Work order:
Could every line below be transcribed exactly, with the pictures dropped?

Referring expression grounding data:
*-*-*

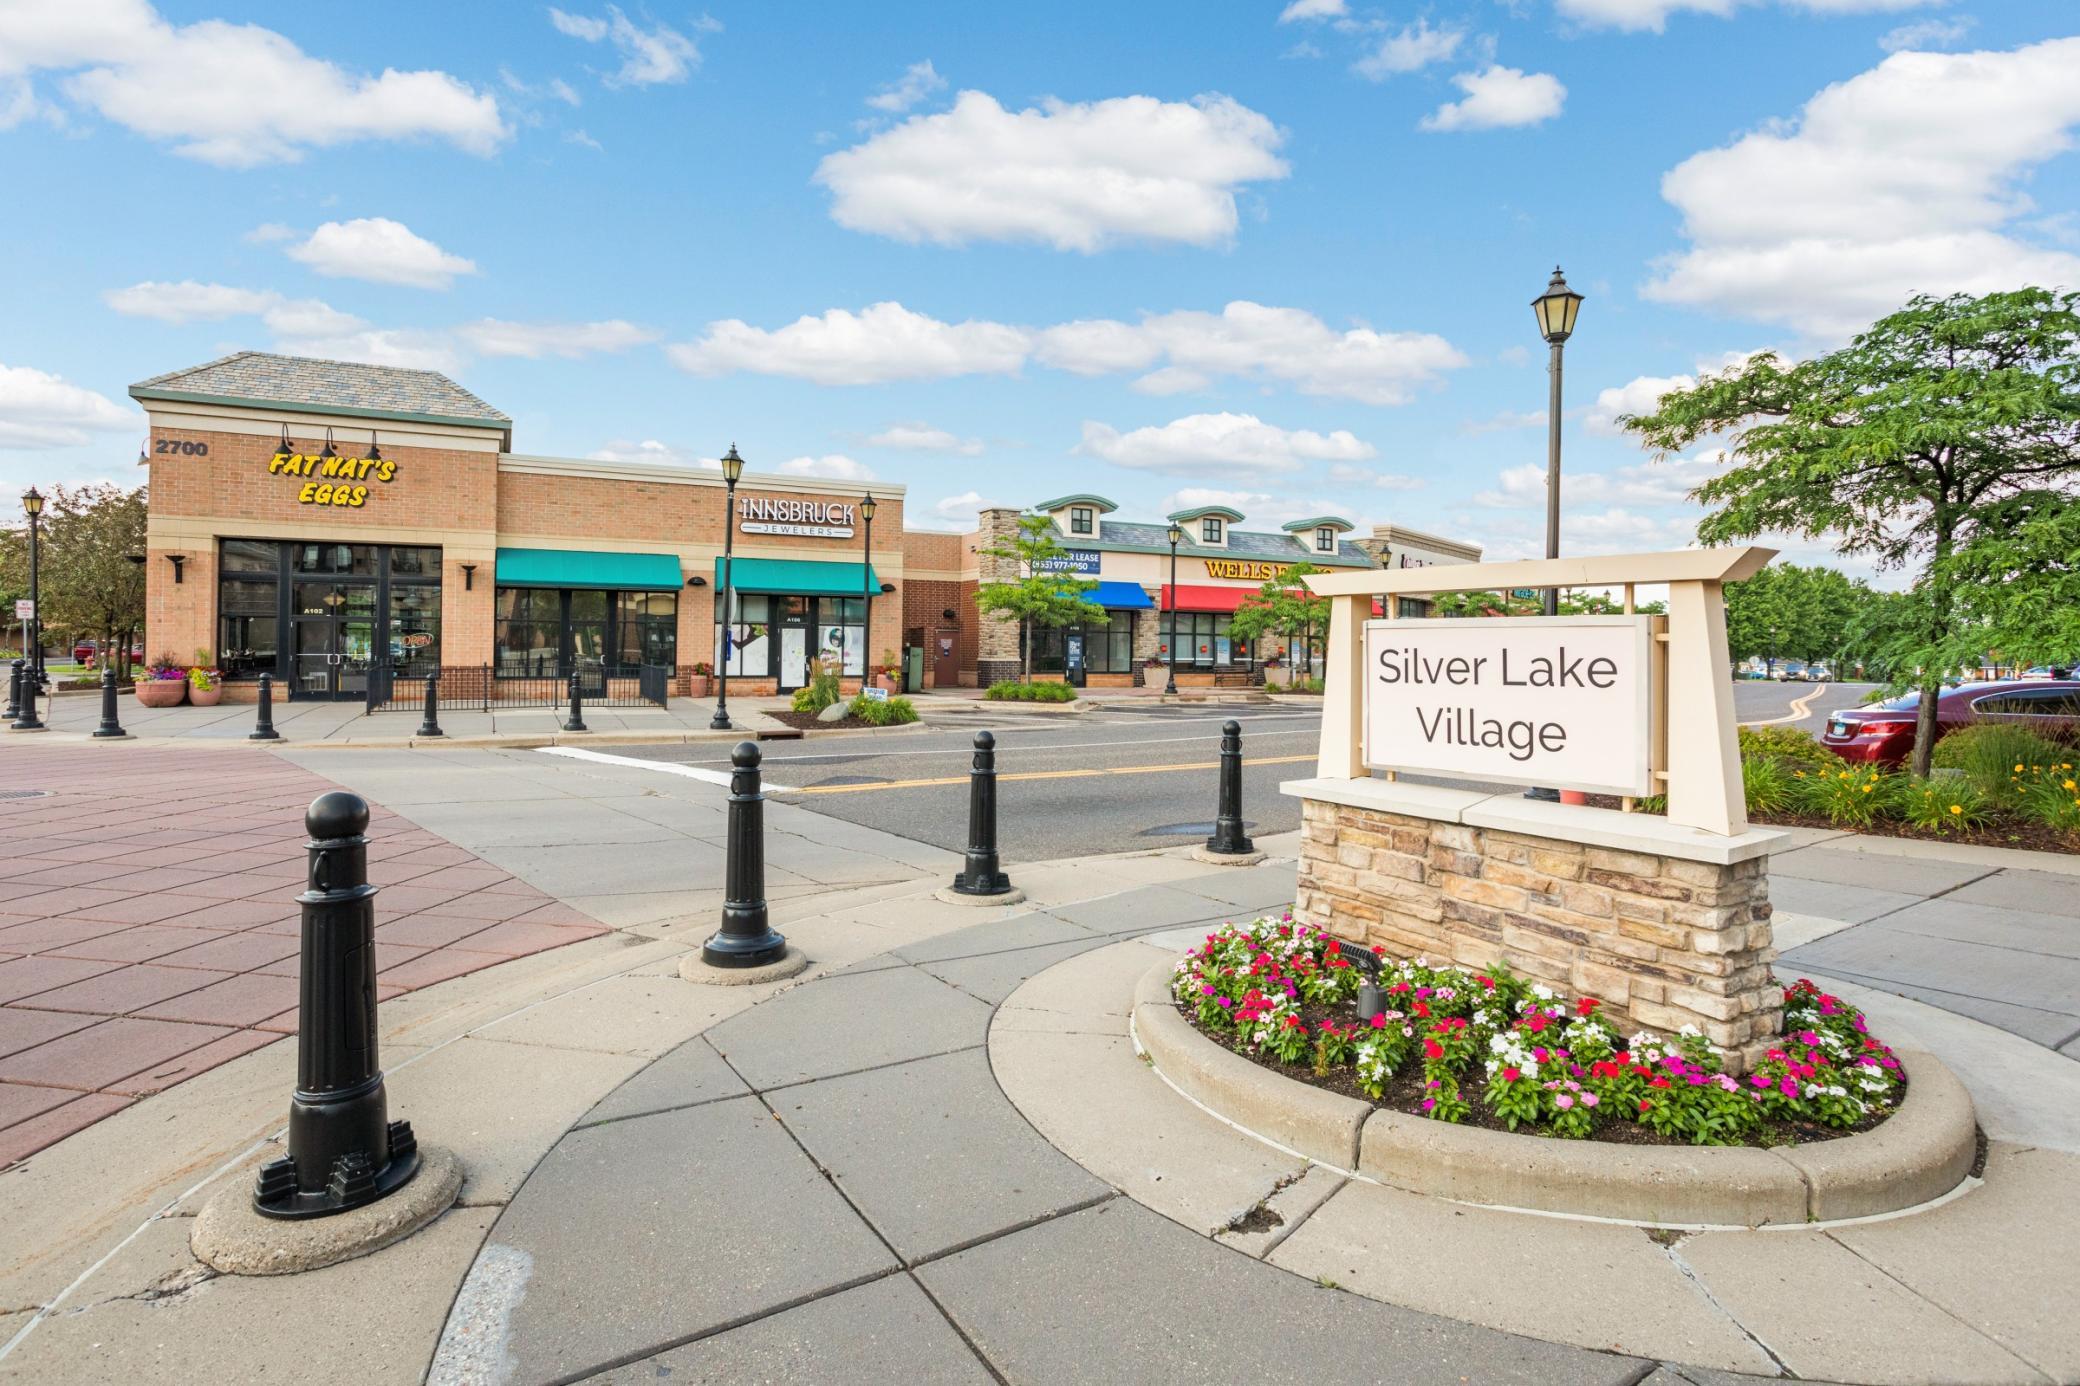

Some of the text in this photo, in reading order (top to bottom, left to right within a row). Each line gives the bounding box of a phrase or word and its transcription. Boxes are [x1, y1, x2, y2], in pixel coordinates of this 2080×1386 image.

[155, 439, 208, 457] 2700
[269, 453, 397, 481] FAT NAT'S
[298, 482, 369, 507] EGGS
[741, 497, 855, 526] INNSBRUCK
[763, 524, 833, 536] JEWELERS
[1076, 553, 1099, 562] LEASE
[1206, 560, 1273, 581] WELLS
[1379, 646, 1618, 689] Silver Lake
[1416, 706, 1567, 761] Village
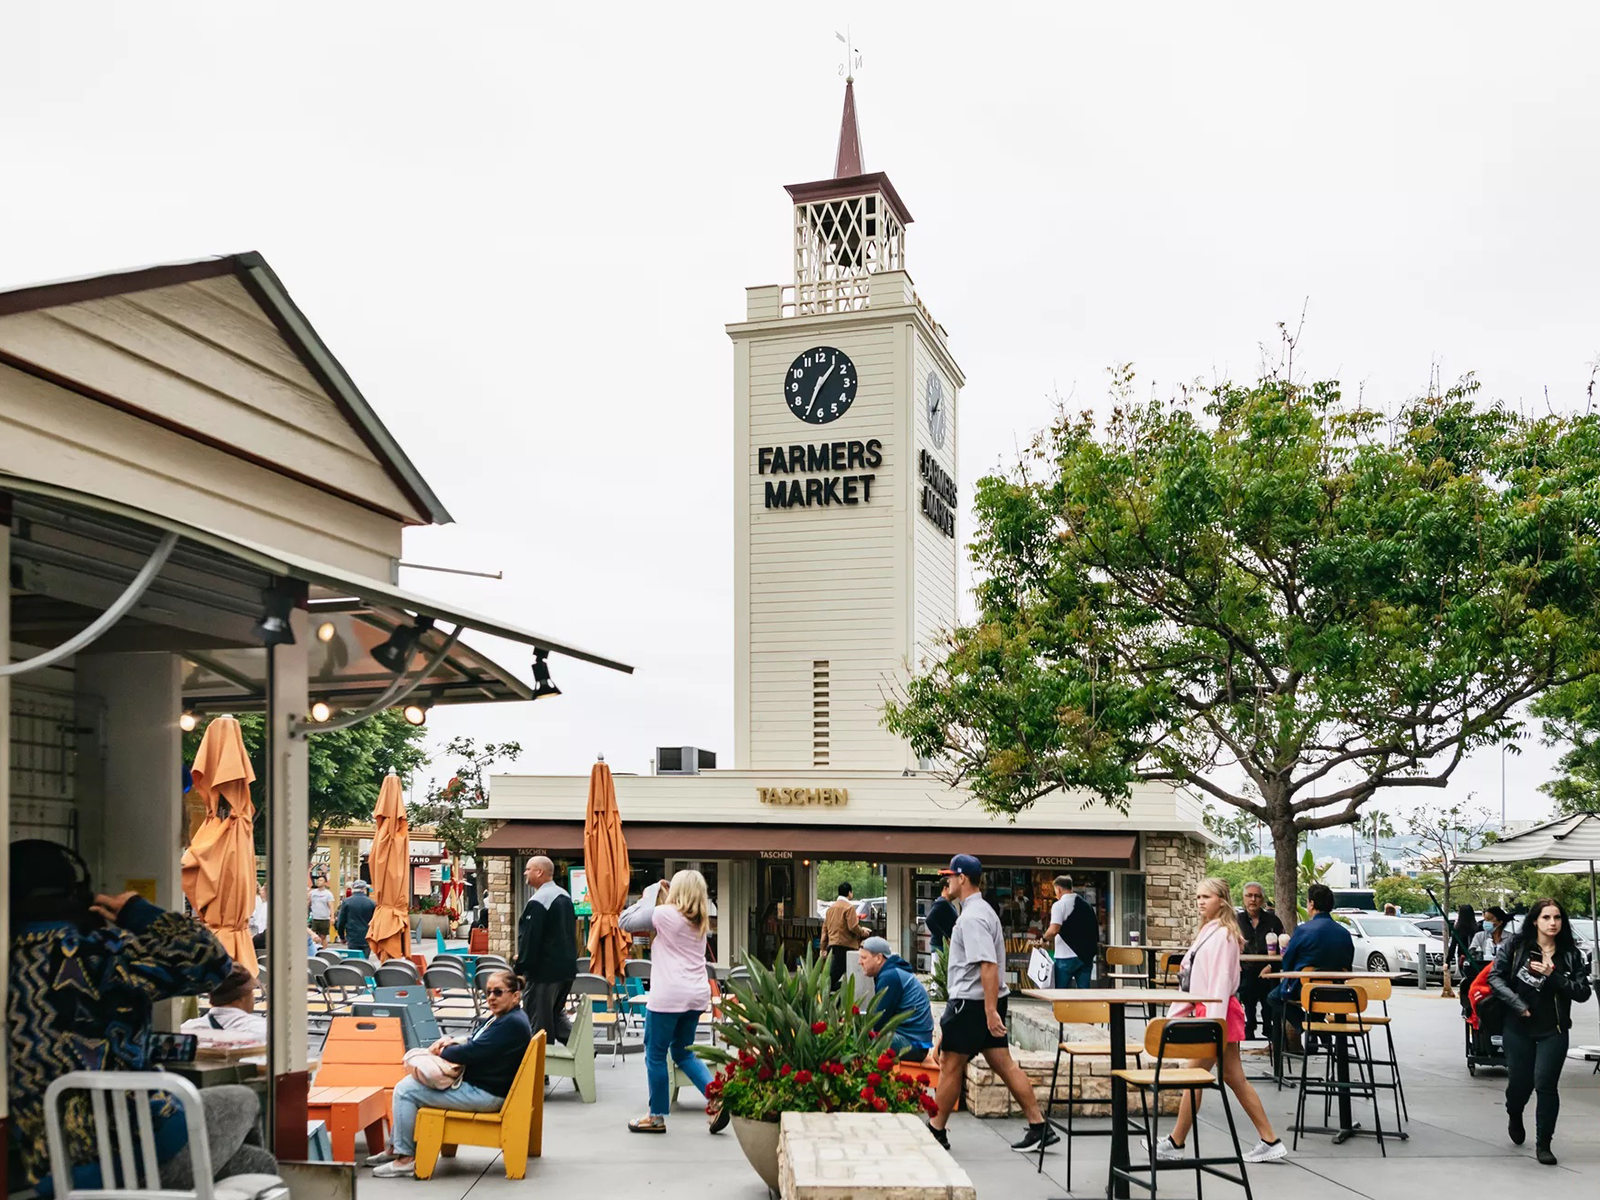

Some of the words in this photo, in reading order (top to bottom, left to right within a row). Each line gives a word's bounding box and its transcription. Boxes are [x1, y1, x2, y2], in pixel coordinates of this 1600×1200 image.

[805, 358, 811, 367] 11
[815, 353, 826, 363] 12
[832, 355, 835, 365] 1
[794, 369, 803, 378] 10
[840, 365, 846, 374] 2
[844, 378, 850, 387] 3
[792, 383, 798, 392] 9
[795, 396, 802, 406] 8
[839, 393, 846, 402] 4
[831, 403, 837, 413] 5
[817, 408, 824, 418] 6
[758, 439, 882, 475] FARMERS
[765, 474, 875, 508] MARKET
[756, 787, 848, 806] TASCHEN
[518, 848, 547, 856] TASCHEN
[760, 851, 793, 859] TASCHEN
[1036, 856, 1073, 865] TASCHEN
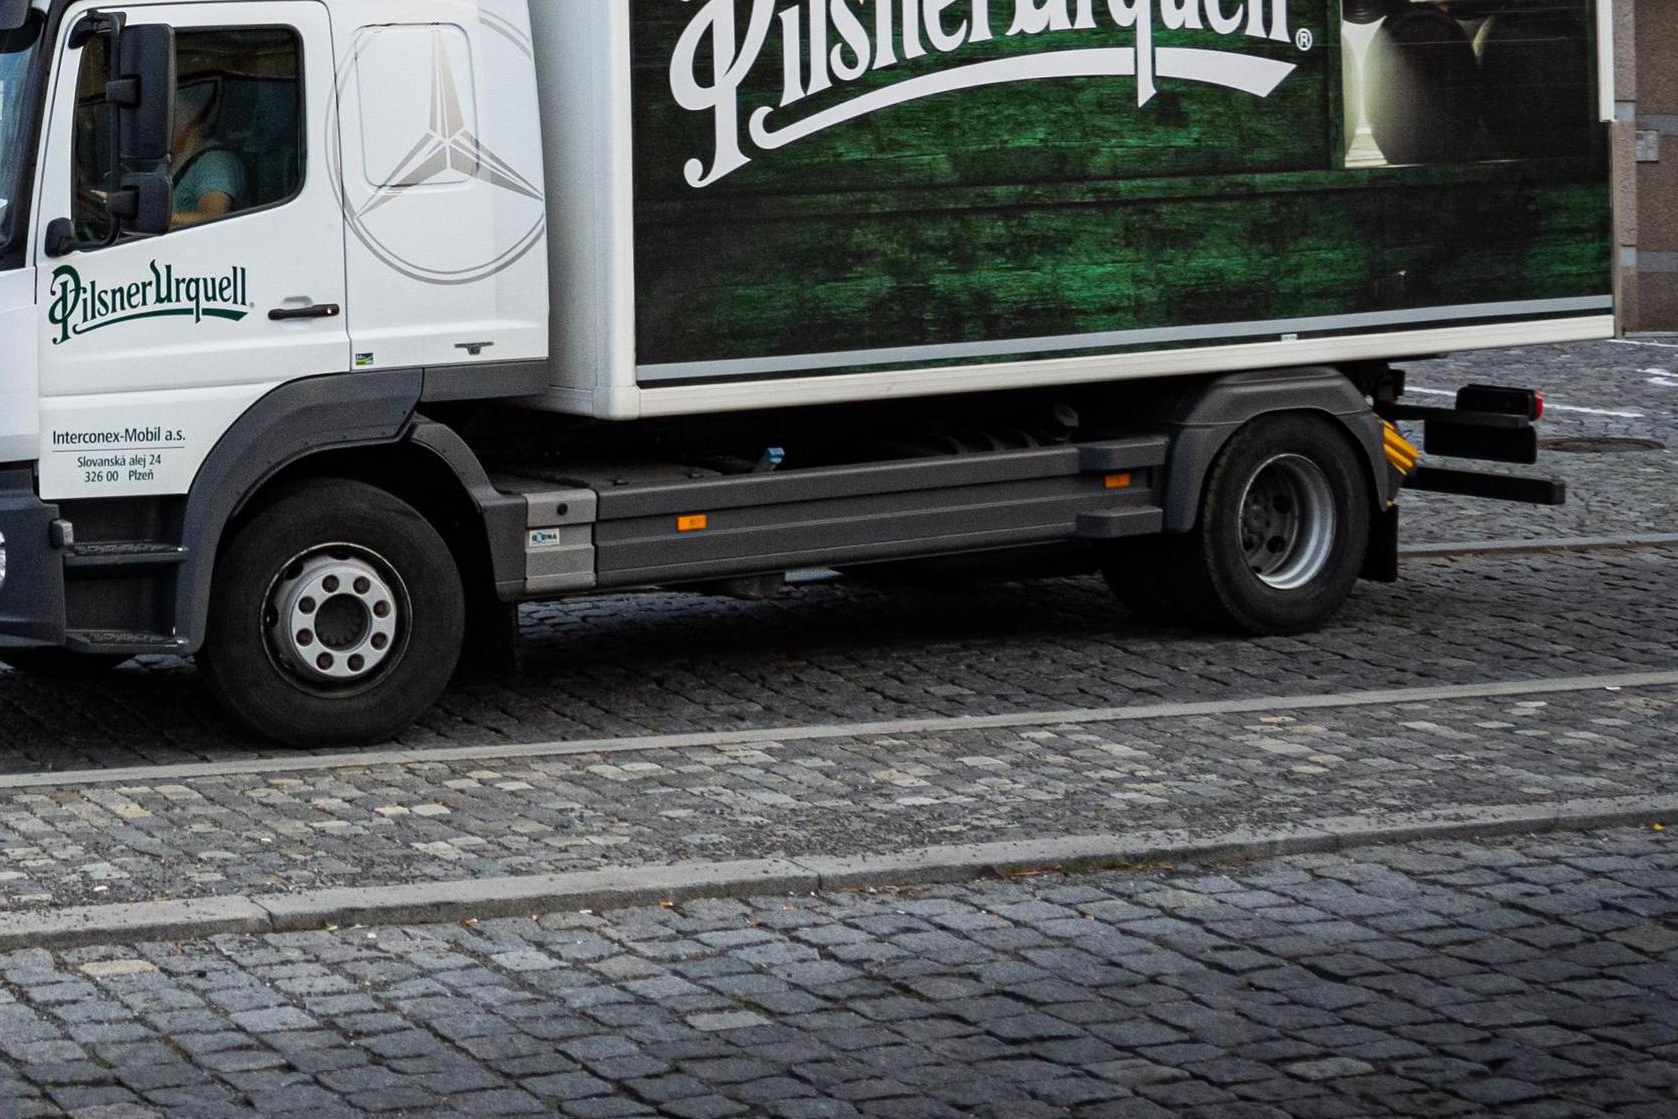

*-*-*

Reply:
Some of the text in this photo, in reading order (top to bottom, left to right within a row). Each line gives the bounding box of a phrase or word and its transcription. Boxes are [x1, y1, x2, y2], in pixel coordinates of this 2080×1386 image.

[155, 439, 208, 457] 2700
[269, 453, 397, 481] FAT NAT'S
[298, 482, 369, 507] EGGS
[741, 497, 855, 526] INNSBRUCK
[763, 524, 833, 536] JEWELERS
[1076, 553, 1099, 562] LEASE
[1206, 560, 1273, 581] WELLS
[1379, 646, 1618, 689] Silver Lake
[1416, 706, 1567, 761] Village

Some of the words in this photo, in reading order (top to bottom, left to right within a row). Each line gives a word's bounding box and its transcription. Boxes are [x1, y1, x2, y2], in pixel coordinates of this 1600×1200 image.

[805, 358, 811, 367] 11
[815, 353, 826, 363] 12
[832, 355, 835, 365] 1
[794, 369, 803, 378] 10
[840, 365, 846, 374] 2
[844, 378, 850, 387] 3
[792, 383, 798, 392] 9
[795, 396, 802, 406] 8
[839, 393, 846, 402] 4
[831, 403, 837, 413] 5
[817, 408, 824, 418] 6
[758, 439, 882, 475] FARMERS
[765, 474, 875, 508] MARKET
[756, 787, 848, 806] TASCHEN
[518, 848, 547, 856] TASCHEN
[760, 851, 793, 859] TASCHEN
[1036, 856, 1073, 865] TASCHEN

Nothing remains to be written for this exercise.